══ Supplied data ══

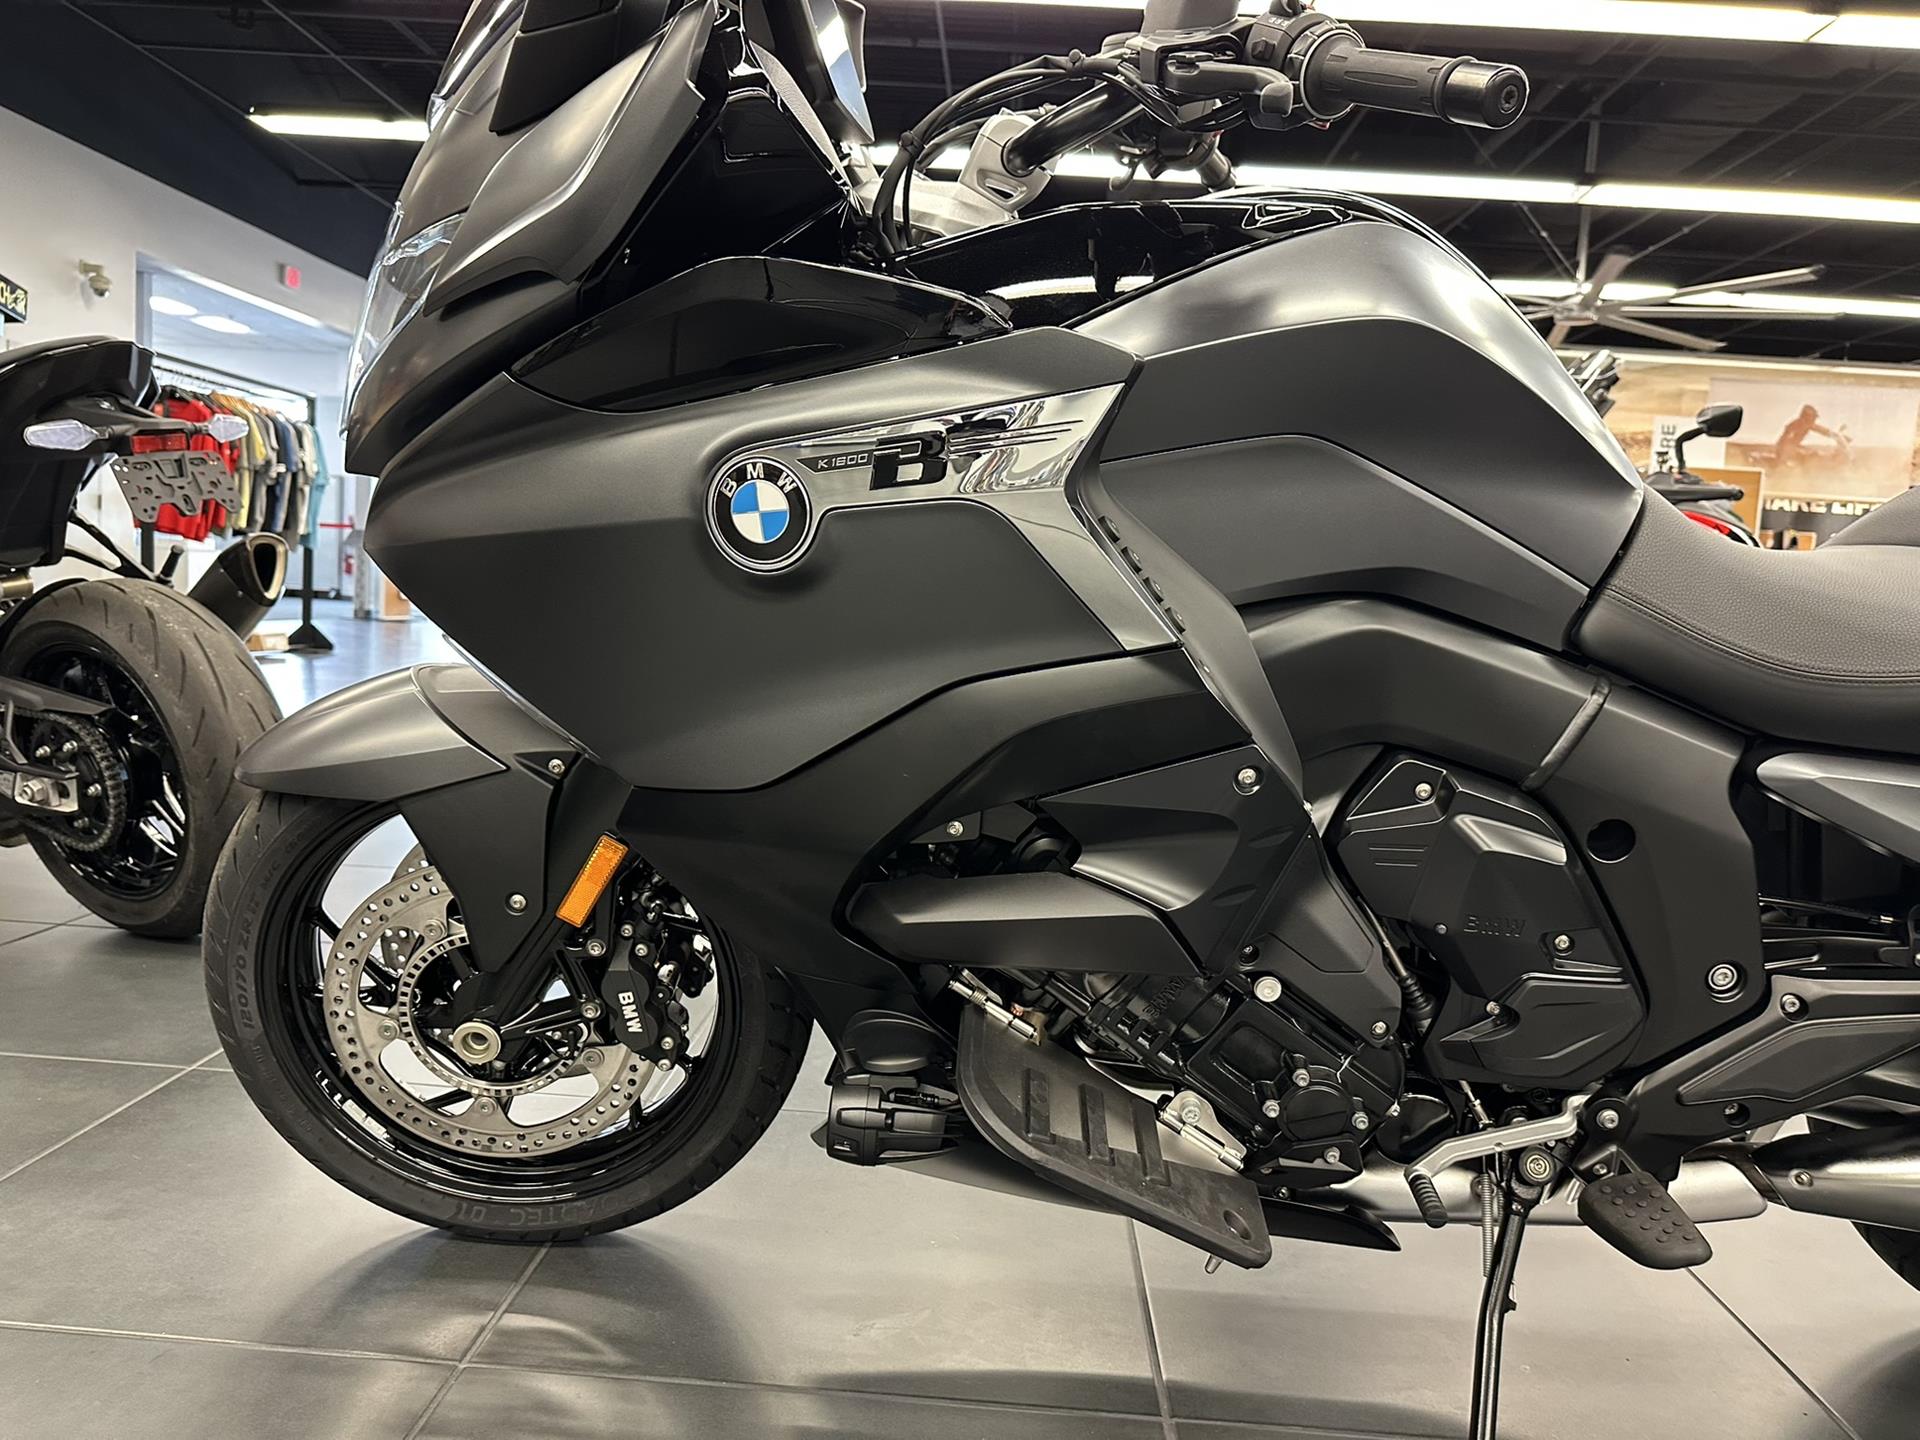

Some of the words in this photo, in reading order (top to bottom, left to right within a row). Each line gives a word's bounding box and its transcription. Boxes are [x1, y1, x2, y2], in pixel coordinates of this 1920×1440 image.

[817, 459, 829, 469] K
[831, 453, 869, 468] 1600
[719, 463, 798, 499] BMW
[1463, 914, 1527, 938] BMW
[618, 991, 643, 1032] BMW
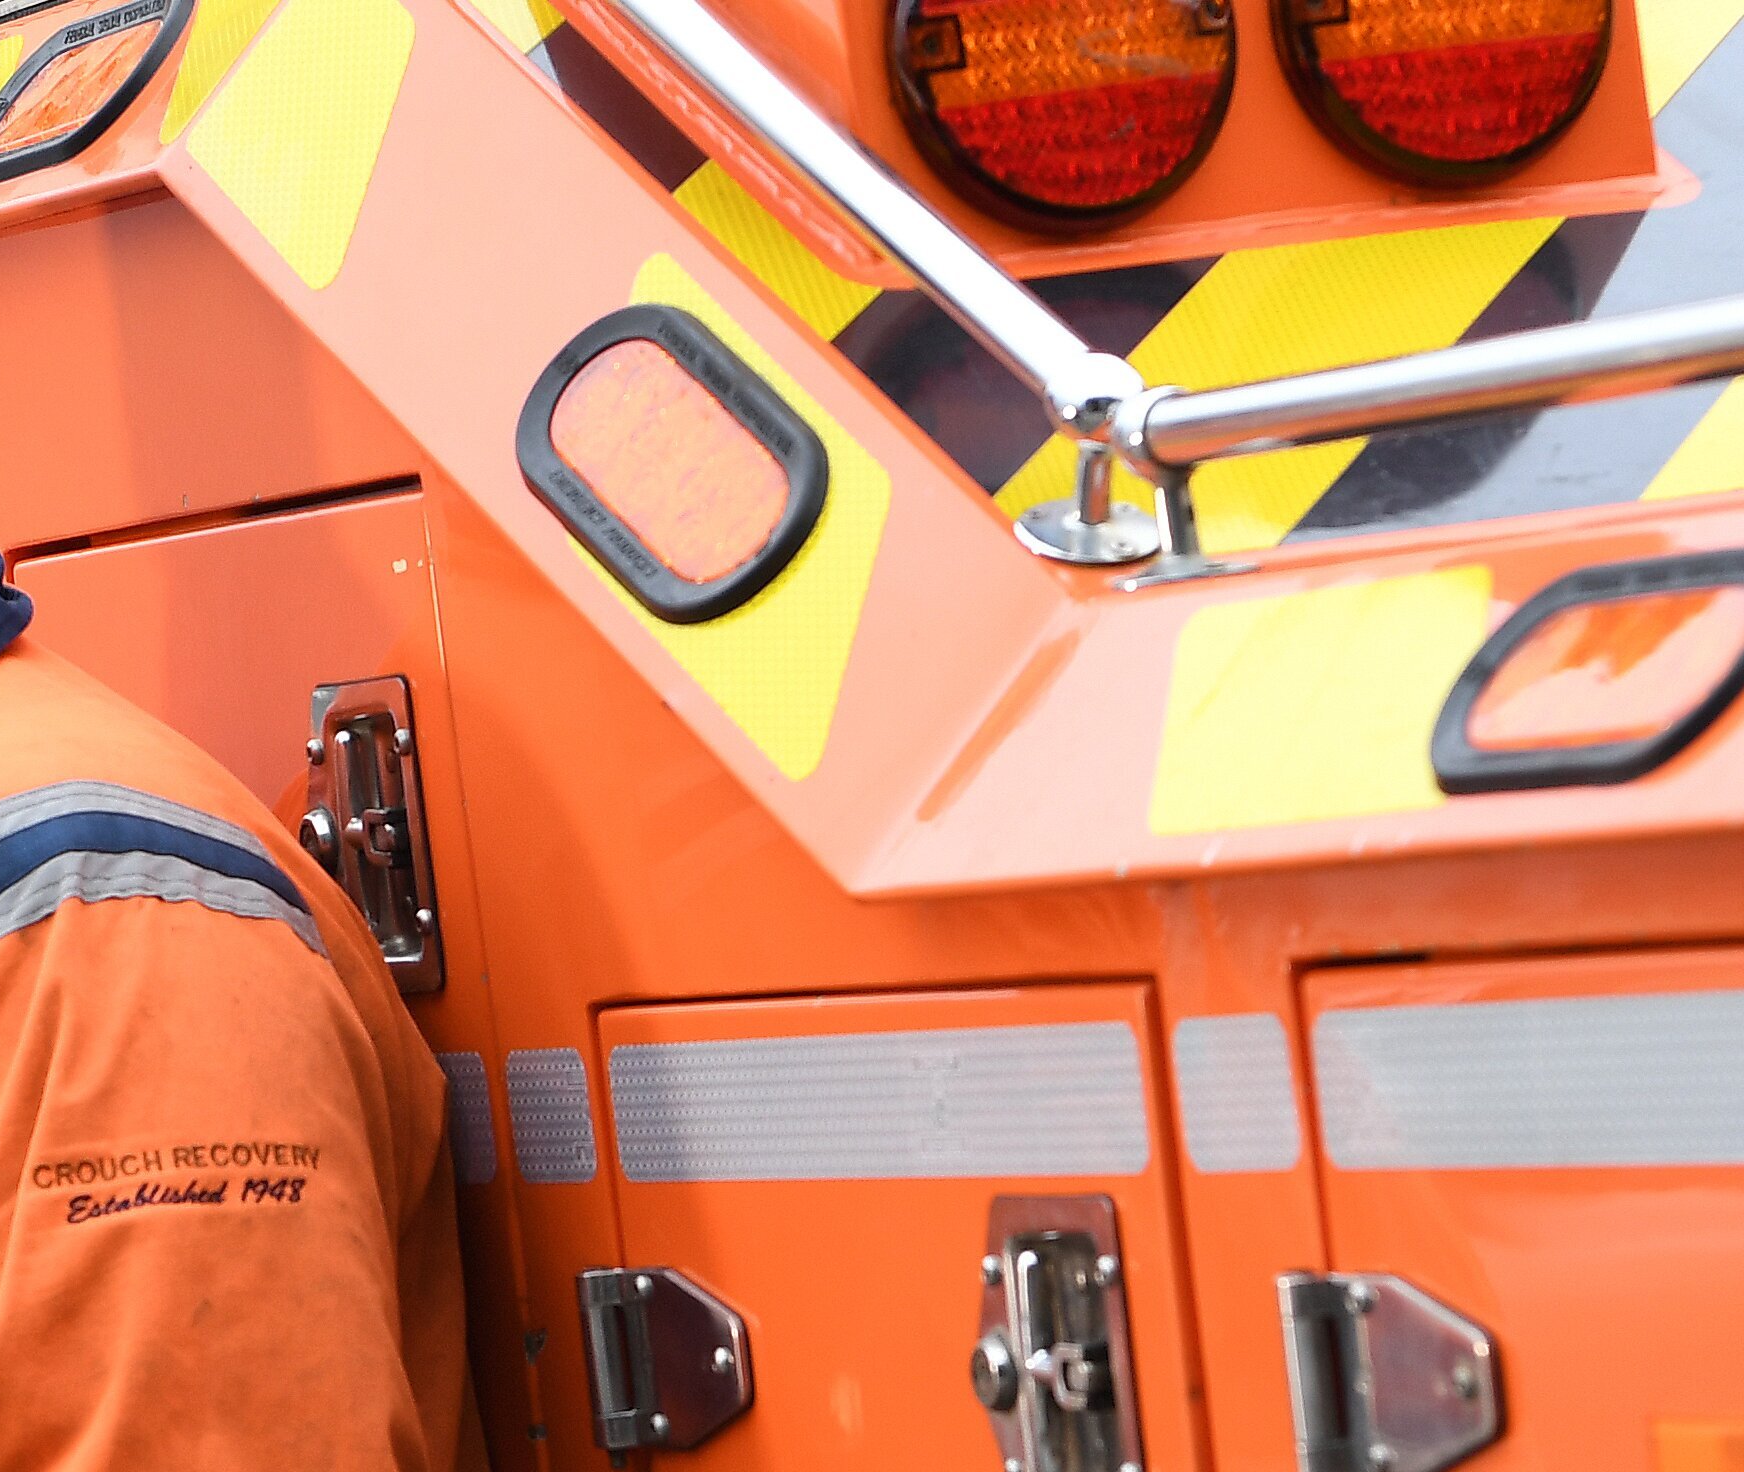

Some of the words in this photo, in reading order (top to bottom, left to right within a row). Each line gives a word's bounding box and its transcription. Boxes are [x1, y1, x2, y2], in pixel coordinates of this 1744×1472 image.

[32, 1149, 163, 1189] CROUCH
[172, 1142, 321, 1170] RECOVERY
[241, 1177, 306, 1203] 1948

═══

What to do:
Set down only these lines, exactly: the one containing "this 1744×1472 image." and each line after it through the end of the entries above.

Reply:
Some of the words in this photo, in reading order (top to bottom, left to right within a row). Each line gives a word's bounding box and its transcription. Boxes are [x1, y1, x2, y2], in pixel coordinates of this 1744×1472 image.

[32, 1149, 163, 1189] CROUCH
[172, 1142, 321, 1170] RECOVERY
[241, 1177, 306, 1203] 1948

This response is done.